Cuando llegamos a la edad adulta, hemos derramado tanto de nuestra copa que la idea de que esté tan llena como cuando recogimos una flor y la apretamos contra nuestra nariz con la agilidad de un niño pequeño y torpe, sin una preocupación en el mundo, parece imposible. ¿Es demasiado tarde para volver a ese sentimiento? La respuesta corta y difícil de admitir es que sí. La infancia es tan mágica que es imposible de recrear. La respuesta larga, sin embargo, trae esperanza. No podemos volver a ser niños, pero podemos despertar a nuestro niño interior, tenerlo cerca y complacer sus deseos y anhelos.

¿Qué pasa con los niños a los que se les arrebató la infancia sin su consentimiento, sustituyéndola por un sinfín de condiciones que les obligaron a sustituir la magia por la preocupación? Nunca recuperarán ese tiempo, obligados a vivir sus vidas sin el conocimiento que sólo una infancia inocente y pura puede permitirles tener. Aquí es donde el niño interior es más difícil de acceder, porque permanece oculto. Mirando hacia lo más profundo del alma, se encuentra encogido tras un muro de traumas, abusos y negligencias. Ni siquiera ellos saben cómo ser niños, porque tuvieron que saber cómo sobrevivir a la infancia en lugar de solo disfrutar de cada momento.

Todos los niños tienen heridas en el alma, no nos engañemos. Algunos más que otros, pero todos viven en un espectro de sanación que debe ser enfrentado algún día. Algunos niños fueron acosados en la escuela, lo que les lleva a un sentimiento persistente de inseguridad que les atormenta durante años. Algunos vieron a sus padres sufrir en un matrimonio que hizo más daño que bien, haciendo del compromiso una decisión difícil de asumir. Muchos (muchos, demasiados, tantos) sufrieron abusos emocionales, físicos y sexuales, lo que hace que la relación que mantienen consigo mismos y con otras personas sea difícil de llevar a cabo de forma saludable. Hay muchas formas en que los niños pueden cargar su dolor hasta la edad adulta, y muchos de nosotros todavía nos negamos a afrontar la realidad de lo que ese dolor ha hecho en nuestras vidas.
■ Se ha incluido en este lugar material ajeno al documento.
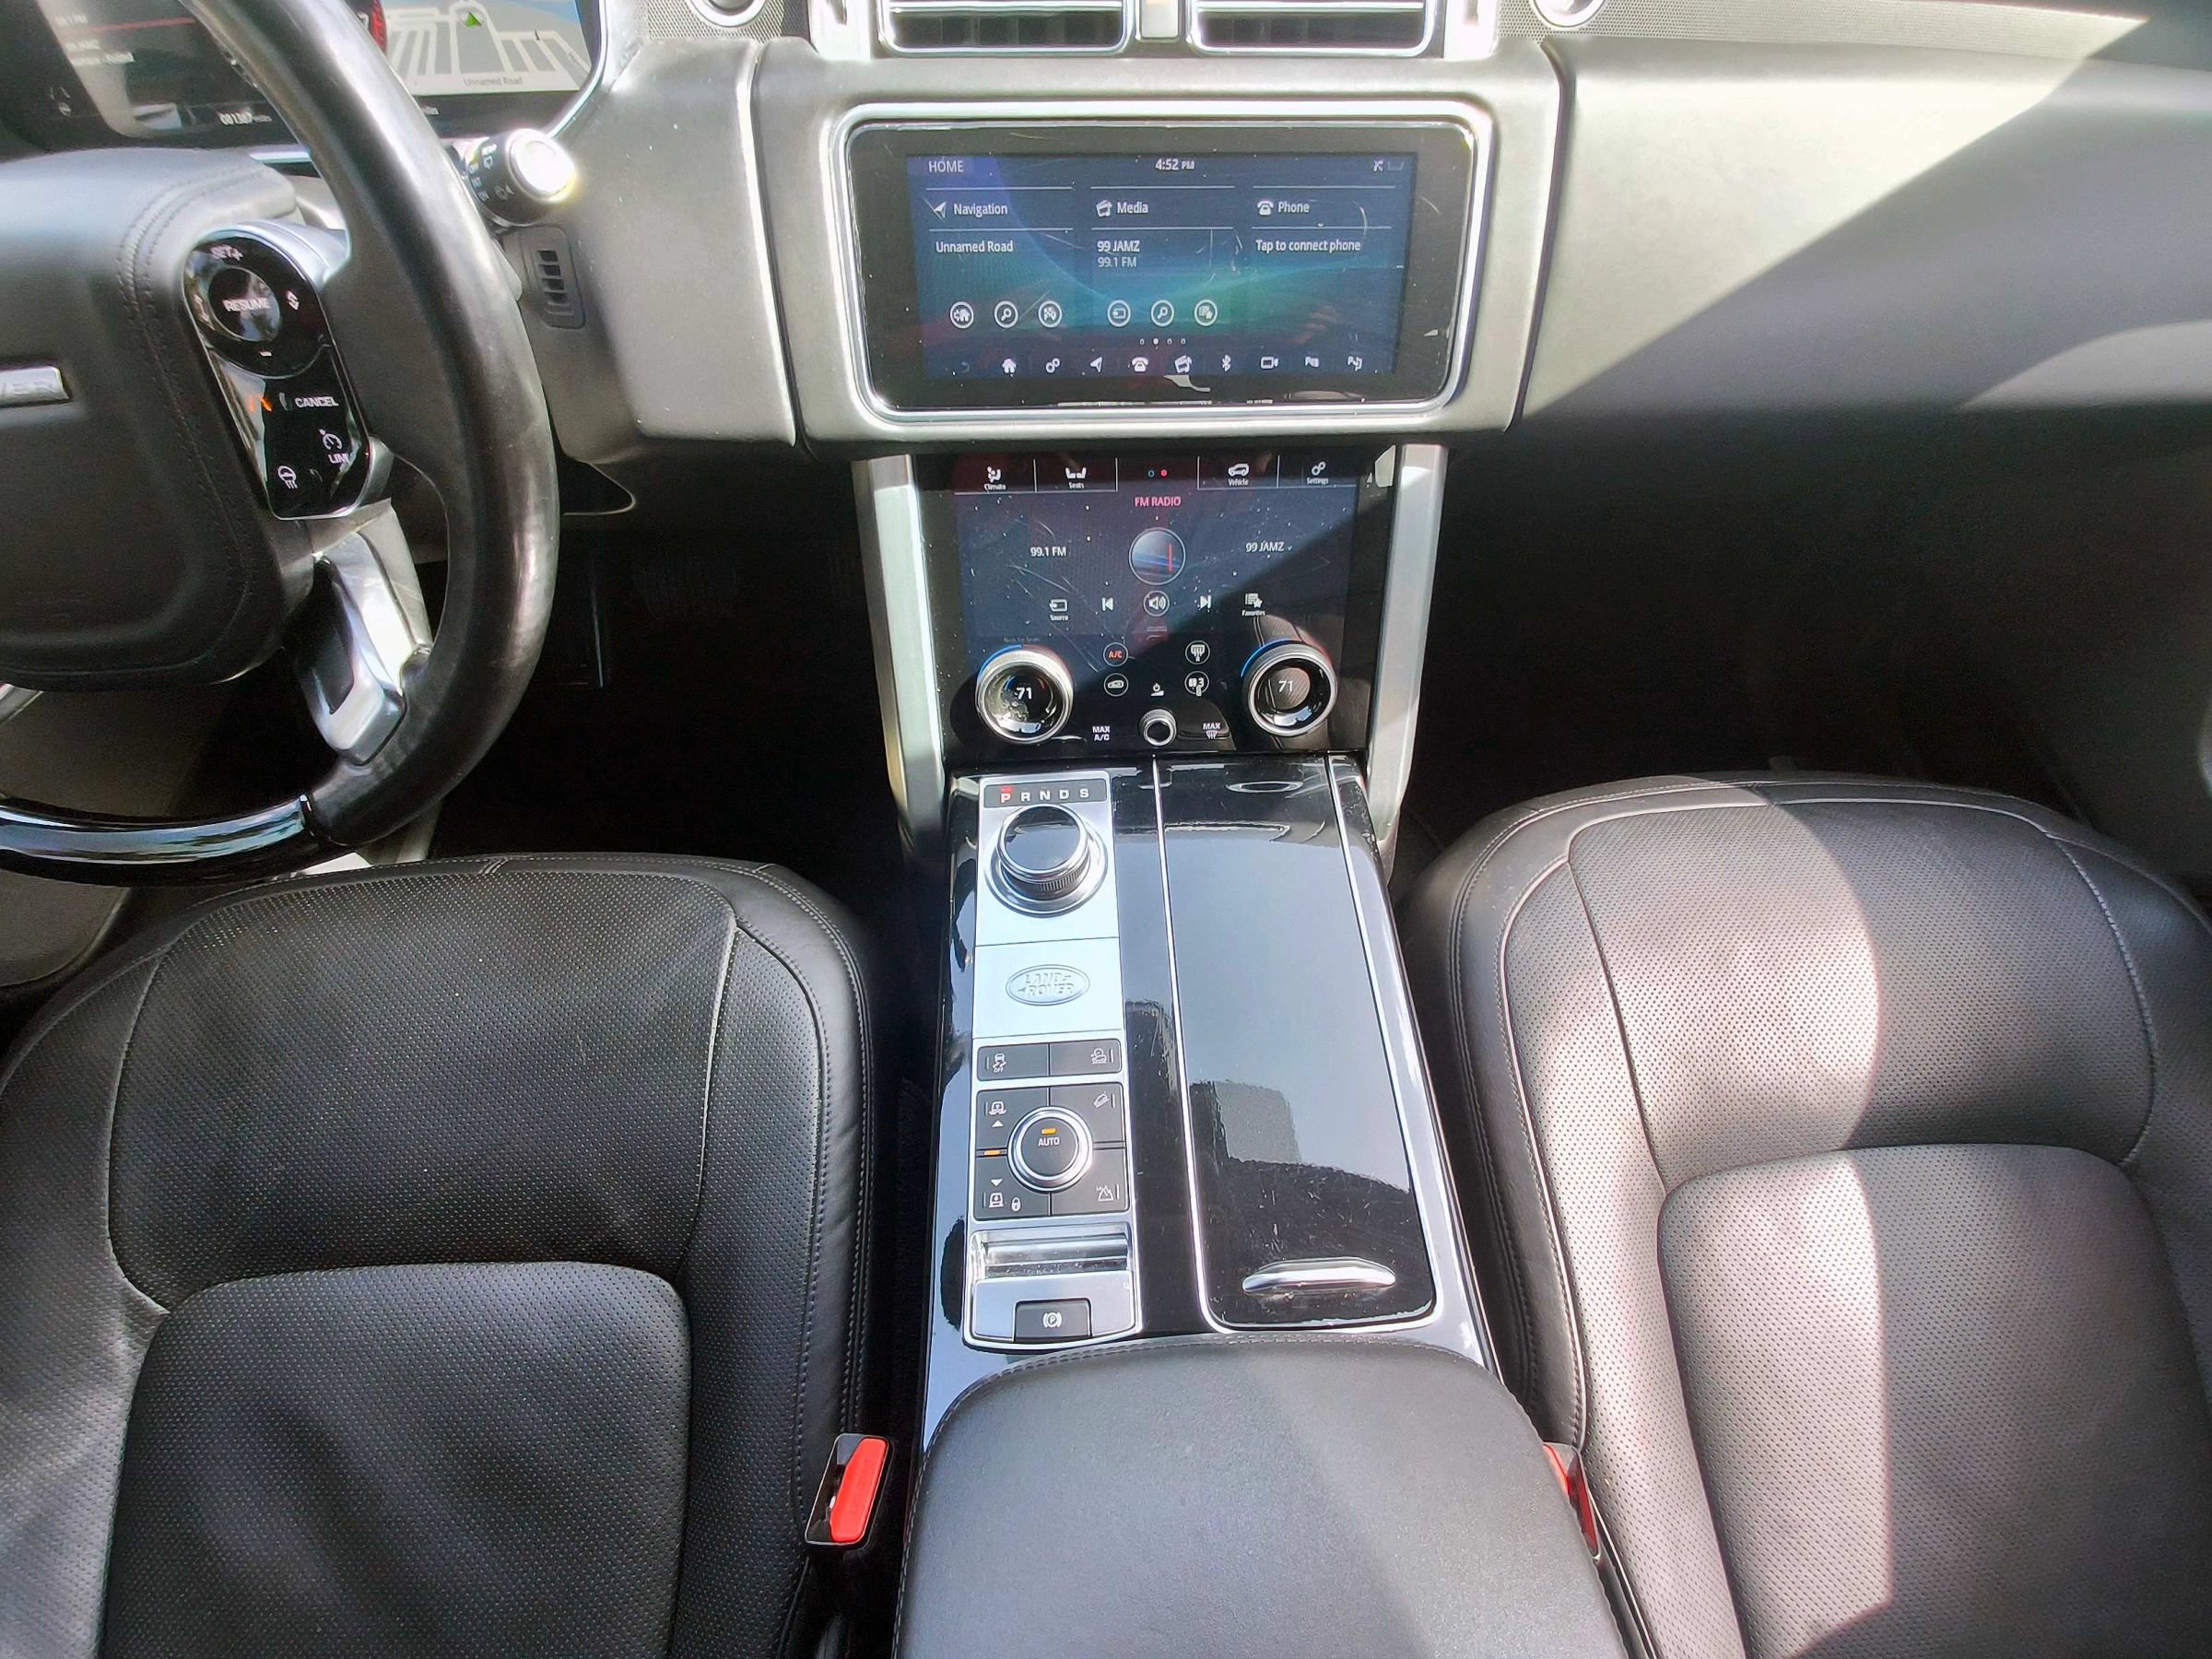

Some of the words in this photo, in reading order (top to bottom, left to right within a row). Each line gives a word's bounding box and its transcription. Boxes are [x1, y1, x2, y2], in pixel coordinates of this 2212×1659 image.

[464, 76, 501, 86] Unnamed
[503, 76, 523, 85] Road
[928, 160, 964, 173] HOME
[1155, 159, 1179, 171] 4:52
[1181, 160, 1195, 170] PM
[953, 203, 1008, 218] Navigation
[1117, 202, 1148, 214] Media
[1277, 201, 1310, 214] Phone
[935, 241, 985, 253] Unnamed
[987, 240, 1014, 252] Road
[1097, 240, 1110, 252] 99
[1112, 240, 1140, 253] JAMZ
[1255, 239, 1274, 253] Tap
[1276, 240, 1287, 251] to
[1288, 240, 1328, 252] connect
[1329, 240, 1360, 253] phone
[1097, 256, 1119, 267] 99.1
[1122, 256, 1136, 267] FM
[222, 298, 272, 312] RESUME
[294, 396, 339, 407] CANCEL
[1135, 497, 1149, 507] FM
[1151, 496, 1182, 506] RADIO
[1030, 547, 1049, 557] 99.1
[1052, 547, 1066, 557] FM
[1245, 542, 1257, 552] 99
[1259, 541, 1284, 552] JAMZ
[1108, 650, 1123, 659] A/C
[1277, 680, 1293, 693] 71
[1016, 687, 1032, 700] 71
[1092, 725, 1110, 734] MAX
[1203, 722, 1221, 730] MAX
[1094, 734, 1110, 742] A/C
[1000, 793, 1011, 803] P
[1021, 792, 1031, 802] R
[1040, 791, 1051, 800] N
[1060, 790, 1069, 799] D
[1079, 788, 1089, 798] S
[1038, 1136, 1060, 1146] AUTO
¿Cómo podemos aceptar una infancia perdida, una infancia rota, una infancia olvidada? Volviendo a visitarla. Puede parecer una tontería, pero podemos hablar con nuestro yo más joven en cualquier momento, preguntarle cómo se siente, consolarlo en sus momentos de dolor, hacerlo sentir seguro y amarlo incondicionalmente. Yo lo hago todo el tiempo, literalmente. A veces hablo con mi yo de 7 años y lloramos juntas. Le toco la mejilla (mi mejilla), le acaricio el cabello (mi cabello), escucho sus pensamientos (mis pensamientos) y la abrazo fuerte (abrazándome fuerte a mí misma). Ella es una parte de mí tanto como lo fue siempre, y mantener el contacto con ella y sanar los puntos que le dolían y que no entendía ayudan a sanar mi yo actual.
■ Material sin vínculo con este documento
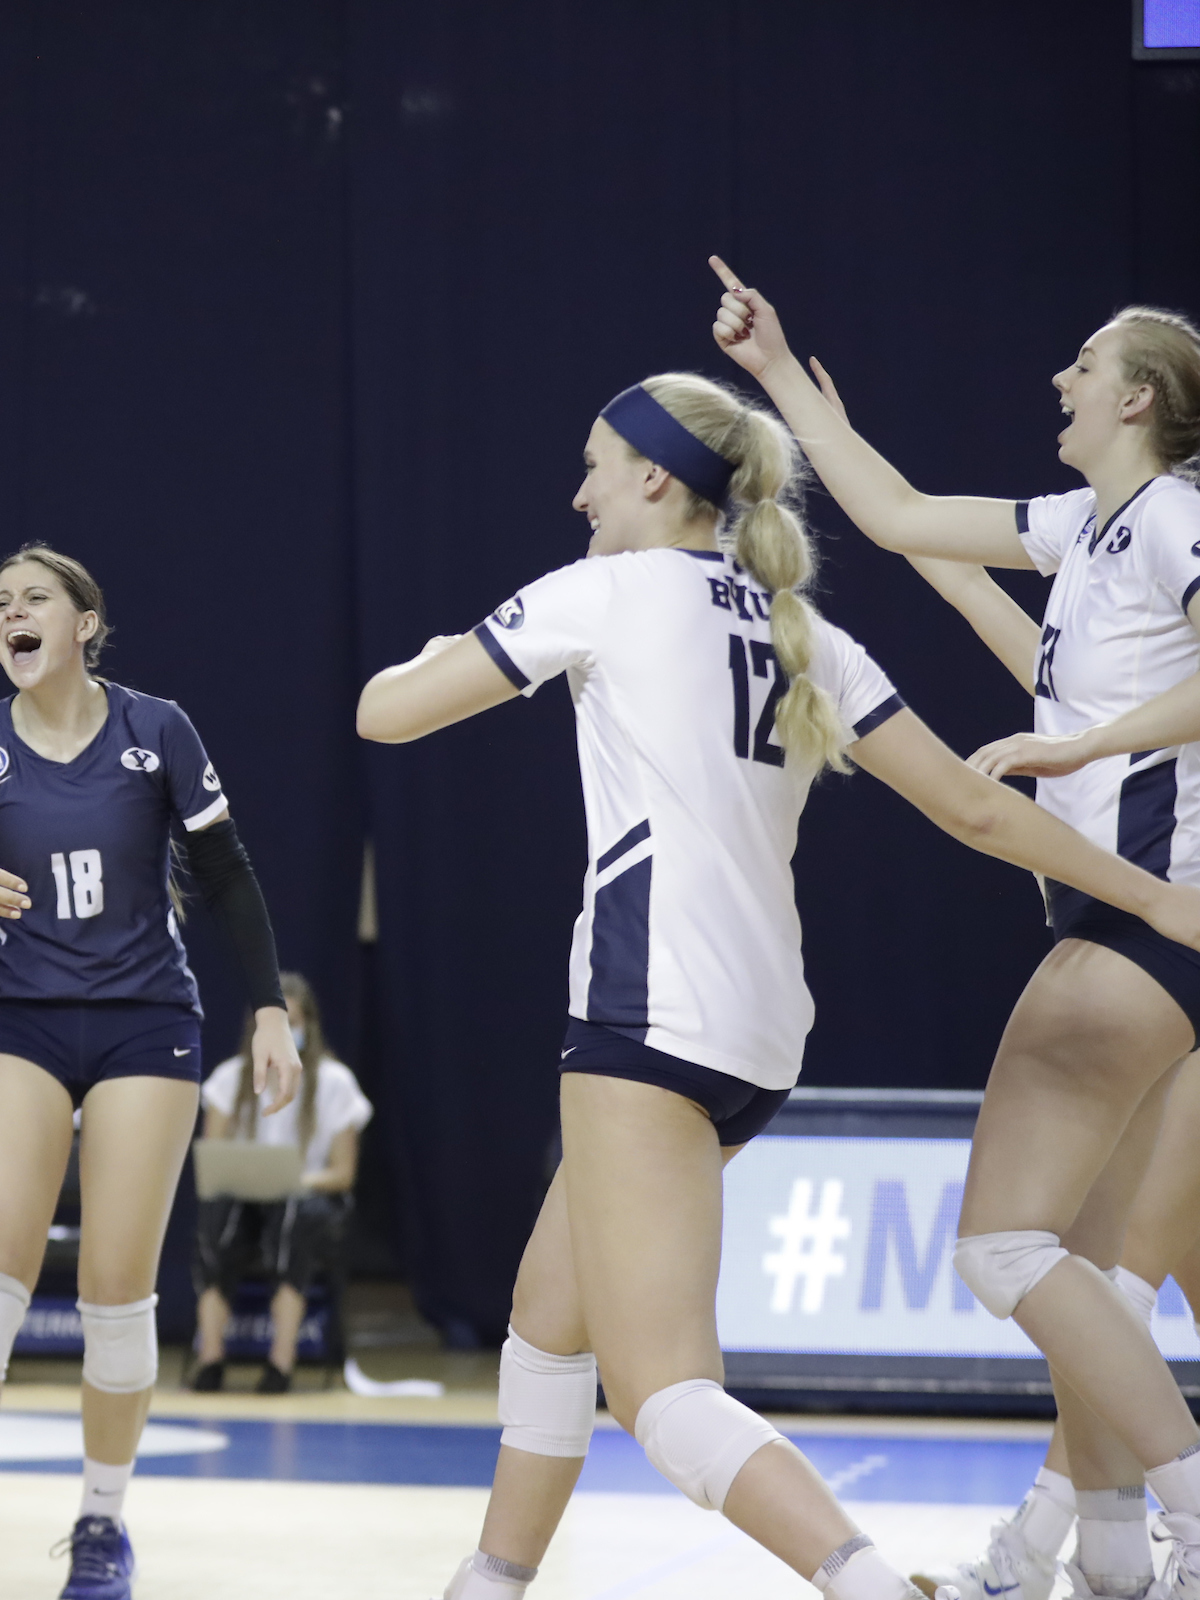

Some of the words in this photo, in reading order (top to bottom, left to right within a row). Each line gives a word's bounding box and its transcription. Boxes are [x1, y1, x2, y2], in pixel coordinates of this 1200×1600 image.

[706, 575, 774, 622] BYU
[729, 633, 791, 768] 12
[128, 749, 152, 771] Y
[51, 849, 104, 920] 18
Así que sí, debemos desprendernos de muchas cosas a medida que crecemos. Nos desplazamos, cambiamos y evolucionamos, ya que el cambio se convierte en la única constante en la que podemos confiar para que nunca se vaya de nuestro lado. Una cosa que no se puede cambiar, es el pasado. Nos perseguirá para siempre o nos enseñará, dependiendo de lo que decidamos hacer con él. A medida que la infancia evoluciona hacia la edad adulta, no nos olvidemos de conservar la parte de nosotros mismos que sigue conservando la curiosidad, que contempla las maravillas del mundo, que salta por los charcos después de la lluvia y recoge las piedras que brillan en el sol, que se ríe de los chistes tontos y que toca todas las hojas verdes y flores coloridas que encuentra. El niño interior no sólo está dentro de nosotros, también es quien somos.

Usuario: Caleb Ordoñez 

Opinión

Los muros que lloran: las redadas y el alma chicana. Por Caleb Ordoñez Talavera

En el norte de nuestro continente, justo donde termina México y comienza Estados Unidos, hay una línea invisible que desde hace décadas divide más que territorios. Divide familias, sueños, culturas, idiomas, economías… y últimamente, divide también lo humano de lo inhumano.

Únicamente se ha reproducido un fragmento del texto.